Can computers help Security Force Monitor’s researchers increase their speed and accuracy when extracting relevant data about security forces from the text of news articles and reports?
Over the last few months Yue “Ulysses” Chang, a masters student at the Data Science Institute at Columbia University, has interned with us to help us explore this question. The quick answer is “yes, 79% of the time.” The longer (and hopefully nice and readable answer) starts in this blog post, the first of a short series.
How do we create data about security forces?
Each week at Security Force Monitor we identify and read 100s of news articles, reports, maps and datasets – these are the “sources” out of which we pull thousands of little details about organizations, names and locations. We stitch these together to create the rich view of security force structures and commanders that you can search through on WhoWasInCommand.com.
This is time-consuming work. In most cases after we’ve found a useful source we just have to read through it, identify the snippets of information we need and then copy, paste or re-type them into our databases. Here’s a few paragraphs from a typical source – “Police IG Redeploys AIGs, CPs For April 11 Polls” – published by Channels TV on 10 April 2015:
We can use the information in this source to support the below statements, and enter the relevant values into a database:
- On 10 April 2015 (the publication date of the source) Inspector General of Police, Assistant Inspector General, and Deputy Inspector-General of Police are ranks in the police force in Nigeria.
- On 10 April 2015 Force Public Relations Officer is a title in the police force in Nigeria.
- On 10 April 2015 Suleiman Abba is a person holding the rank of Inspector General of Police (IGP) in Nigeria.
- On 10 April 2015 Aigusman Gwary is a person holding the rank of Assistant Inspector General of Police (AIG) in Nigeria.
- On 10 April 2015 six Deputy Inspectors of Police “coordinate activities” in six geo-political zones.
Every one of these data points has at least a single source. For example, to make our data on units – distinct parts of security forces such as army battalions or police divisions – we looked at around 3500 unique sources taken from over 200 different publications. From these sources we were able to evidence 25,505 data points with a single source, 2086 data points with more than 10 distinct sources, and 59 data points with over 40 distinct sources.
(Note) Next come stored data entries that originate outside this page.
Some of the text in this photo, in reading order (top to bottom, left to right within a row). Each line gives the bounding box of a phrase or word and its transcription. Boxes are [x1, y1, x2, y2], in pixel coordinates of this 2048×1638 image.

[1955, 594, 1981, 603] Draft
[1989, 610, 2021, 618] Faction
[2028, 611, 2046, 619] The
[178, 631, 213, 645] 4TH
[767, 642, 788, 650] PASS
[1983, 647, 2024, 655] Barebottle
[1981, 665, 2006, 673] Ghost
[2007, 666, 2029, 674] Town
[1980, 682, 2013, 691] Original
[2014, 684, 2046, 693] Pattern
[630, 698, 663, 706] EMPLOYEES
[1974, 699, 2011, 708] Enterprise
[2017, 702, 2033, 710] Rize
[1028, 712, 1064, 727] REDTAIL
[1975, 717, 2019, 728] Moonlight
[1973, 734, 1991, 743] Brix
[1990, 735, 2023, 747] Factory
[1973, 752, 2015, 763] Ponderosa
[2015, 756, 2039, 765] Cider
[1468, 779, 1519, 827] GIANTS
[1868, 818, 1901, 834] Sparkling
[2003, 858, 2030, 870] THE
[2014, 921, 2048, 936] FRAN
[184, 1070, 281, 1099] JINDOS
We presently cover branches of the security forces of Nigeria, Mexico and Egypt. As we expand our coverage to other countries we will need to consider ways of reducing the time spent and risk of error inherent in this part of our research process. If we can reduce the time we spend searching, cutting and pasting bits of text, then we can spend more time cross-referencing and producing interesting analysis from the data. Could we get more help from computers than we currently do?
“NLP”, “NER” … ?
Computers can read too. Sort of.
Natural Language Processing (NLP) is a long-established field of computer science that looks at how machines relate to people’s speech and writing, and ultimately how they can comprehend information passed to it by a person. The fruits of NLP research provide technologies that power everything from the recommendations you get on search engines, those (irritating) automated voice call systems, and the (less irritating) digital voice assistants. Named Entity Recognition (NER) is the sub-field of NLP that gives computers the capability to pick out things that people can recognise in text – like names, persons, organizations, locations, dates. Could they be applied to our work?
We can start exploring this question very quickly by using one of numerous “off the shelf” NLP and NER toolsets. To test our ideas out we have chosen a toolkit called spaCy. This has the benefit of having a wide range of functions, and being free and open source – this enables us to use the toolset without direct cost.
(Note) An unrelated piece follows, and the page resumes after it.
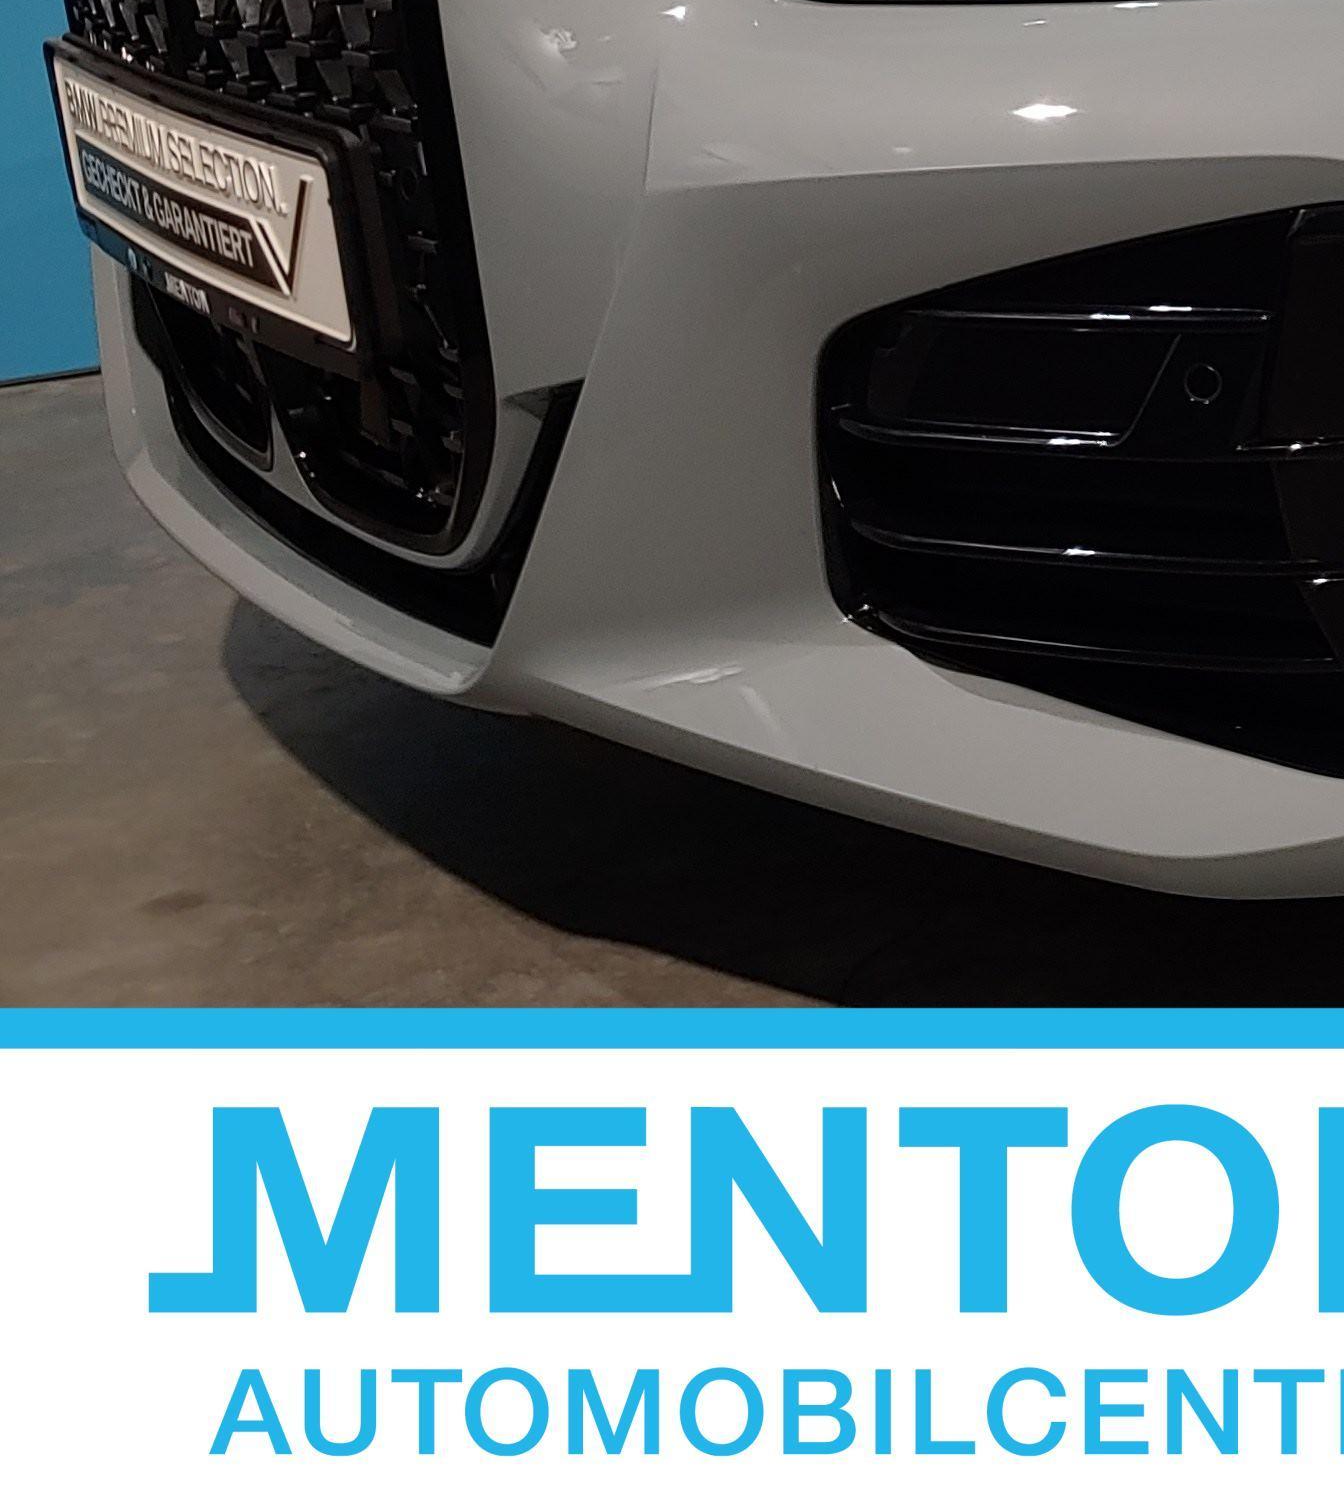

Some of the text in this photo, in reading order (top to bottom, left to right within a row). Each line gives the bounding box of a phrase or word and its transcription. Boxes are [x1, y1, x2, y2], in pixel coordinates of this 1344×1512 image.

Without any modification spaCy can assess text and identify persons, organizations, locations, dates and lots of other types of entities. It can also be trained to improve its ability to detect the above entities (like adding in new geographical model), and identify new entities such as rank and role, or connections between entities. What’s not to love?
NER and real sources
Let’s give it a try. We can take the text from the sample news article we analysed above, and place it into into spaCy. It will highlight different parts of the text that it considers to be entities:
The performance here is is ok, but it is not without problems. For example, spaCy correctly picked out all but one of people mentioned in the article (“Aigusman Gwary”, who it tagged as an Organization rather than a Person). It has also successfully identified Lagos and Bauchi as geo-political entities (“GPE”) but misses “Akwa Ibom” and “Rivers”, and mis-categorizes “Jigawa” as an organization. There are other misses in there too.
Bringing this into the work of Security Force Monitor
In this post we’ve outlined the challenges we face, and in broad terms the way that we see this set of technologies offering an opportunity to address them. The intriguing question for us is how to take the raw capabilities of NER and have them benefit our research work in specific and effective ways. We have a long list of things on our mind, including:
- The skills and financial costs that will be required to develop, implement and maintain such a system in a way that is reliable and effective.
- Whether we can improve the performance of the algorithm by using the data we have already collected to train spaCy to better pick out what we are looking for in a source.
- How to reconcile the stream of information coming in from NER with the data we already have – for example, what process will we use to figure out if “Jane S Smith” and “Jayne S Smith” are the same person?
- How we evaluate NLP and NER systems so we know whether they are getting better (or worse!).
- The type of workflow and user interface that would be needed to bring these capabilities effectively into our research work so they are actually helpful.
In the next post in this series, Ulysses and I will start digging into these questions and revealing some of the work that we have done so far.
(Article edited on 22 February 2018 to correct typos and clarify wording)